═══ Working data
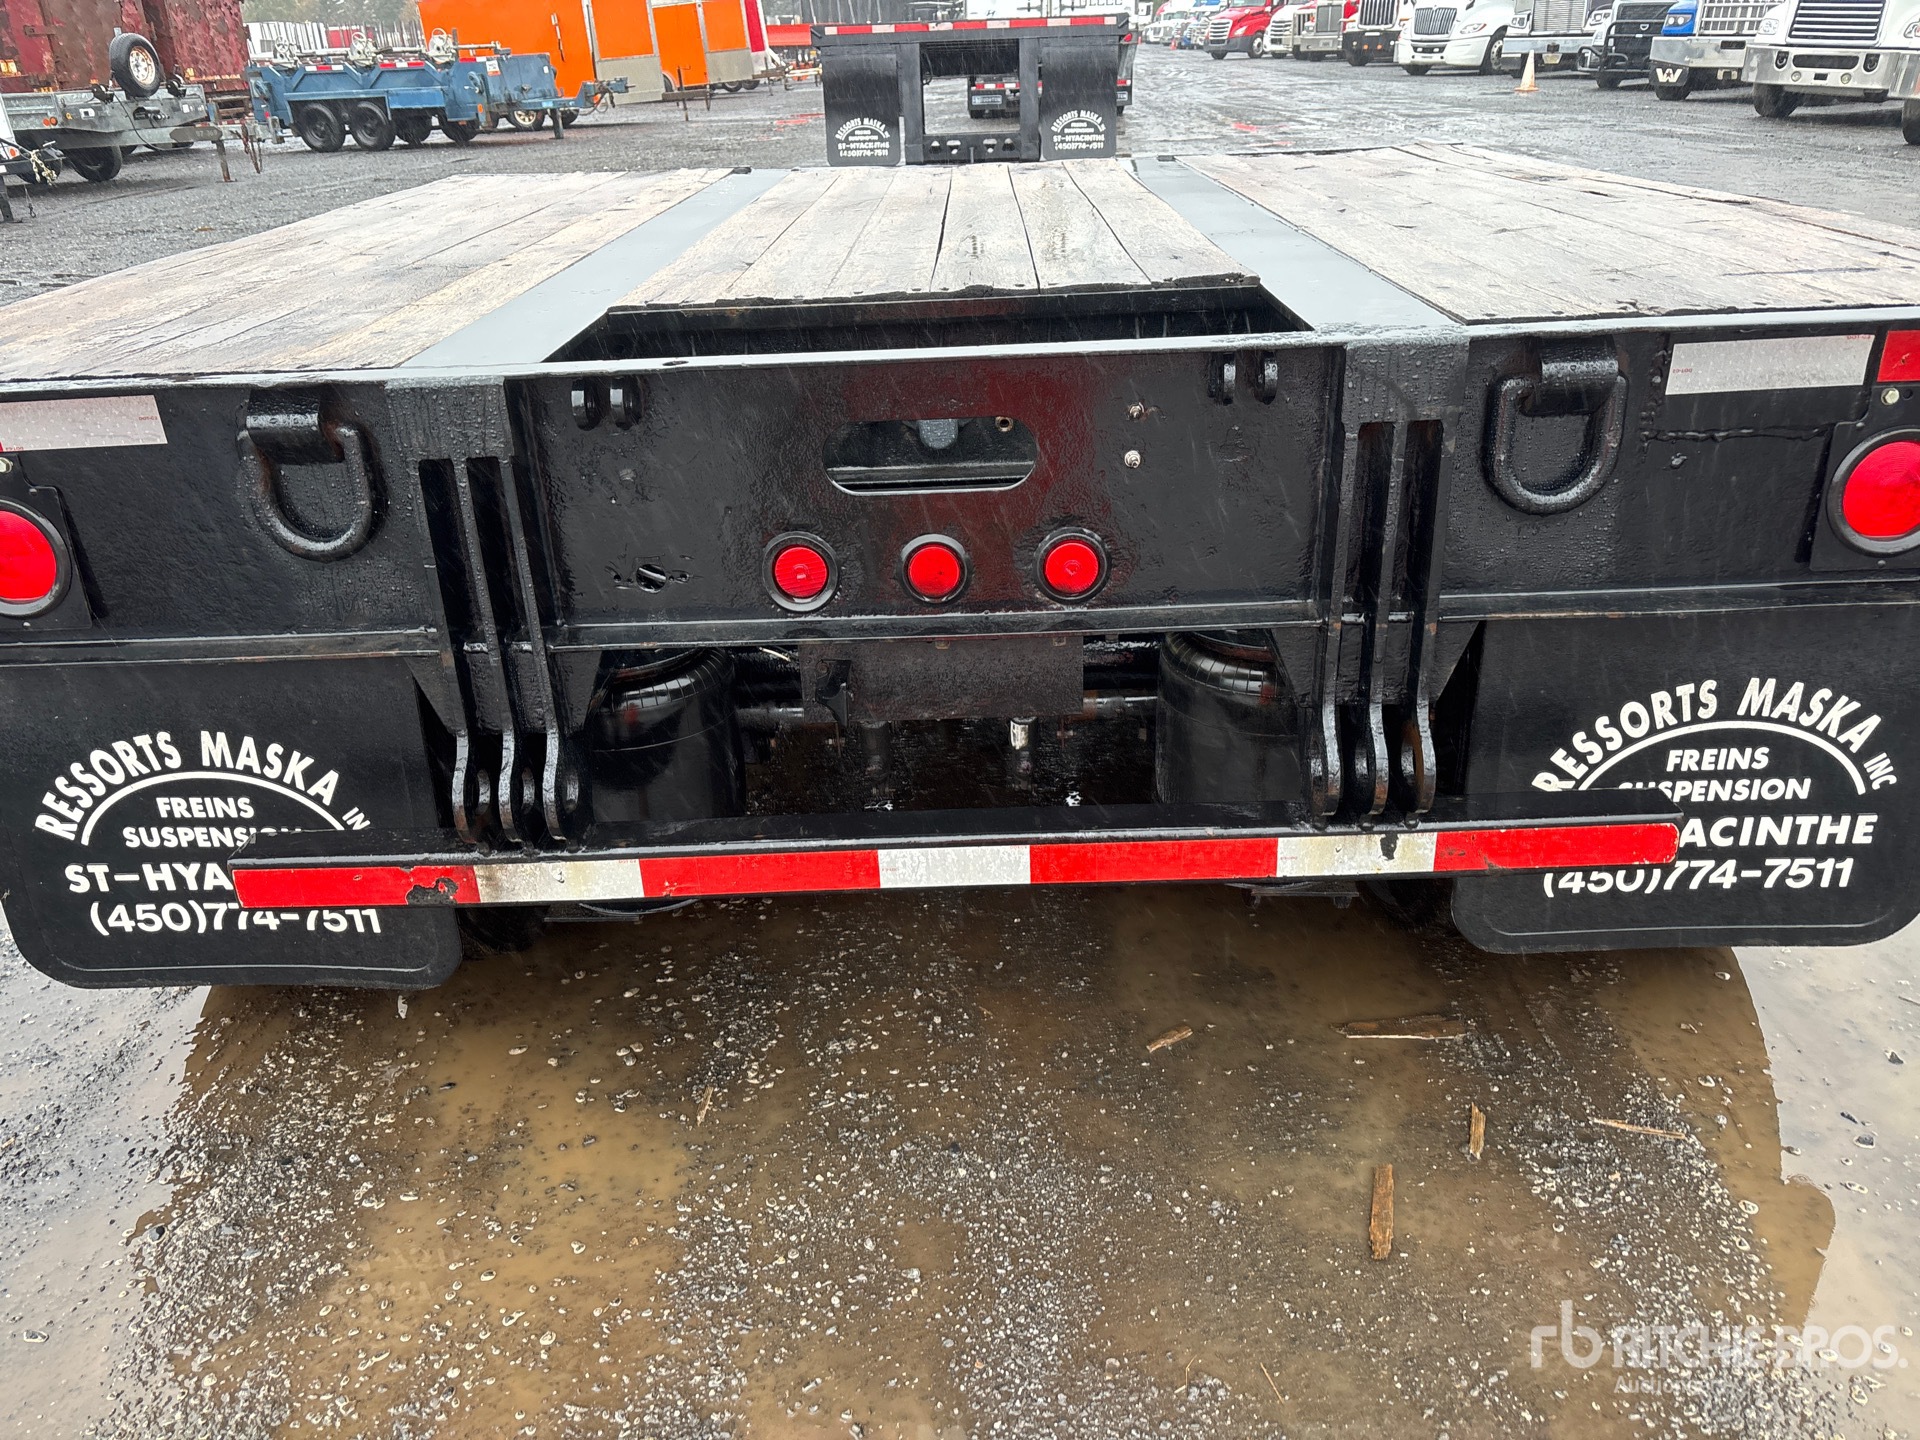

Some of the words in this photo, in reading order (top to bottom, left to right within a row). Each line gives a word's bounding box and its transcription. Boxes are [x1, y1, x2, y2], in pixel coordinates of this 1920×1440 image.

[1531, 679, 1718, 792] RESSORTS
[1736, 677, 1882, 754] MASKA
[1862, 752, 1898, 791] INC
[1665, 747, 1770, 772] FREINS
[35, 731, 182, 841] RESSORTS
[201, 731, 340, 806] MASKA
[342, 807, 370, 830] IN
[1618, 778, 1812, 803] SPENSION
[156, 797, 255, 819] FREINS
[123, 826, 302, 848] SUSPENS
[1679, 814, 1878, 848] ACINTHE
[64, 863, 234, 893] ST-HYA
[1543, 858, 1854, 898] (450)774-7511
[90, 901, 382, 935] (450)774-7511
══════
__Exercise details__. Above are the records; transcribe them exactly without the pictures.

__Response for this exercise__.
Some of the words in this photo, in reading order (top to bottom, left to right within a row). Each line gives a word's bounding box and its transcription. Boxes are [x1, y1, x2, y2], in pixel coordinates of this 1920×1440 image.

[1531, 679, 1718, 792] RESSORTS
[1736, 677, 1882, 754] MASKA
[1862, 752, 1898, 791] INC
[1665, 747, 1770, 772] FREINS
[35, 731, 182, 841] RESSORTS
[201, 731, 340, 806] MASKA
[342, 807, 370, 830] IN
[1618, 778, 1812, 803] SPENSION
[156, 797, 255, 819] FREINS
[123, 826, 302, 848] SUSPENS
[1679, 814, 1878, 848] ACINTHE
[64, 863, 234, 893] ST-HYA
[1543, 858, 1854, 898] (450)774-7511
[90, 901, 382, 935] (450)774-7511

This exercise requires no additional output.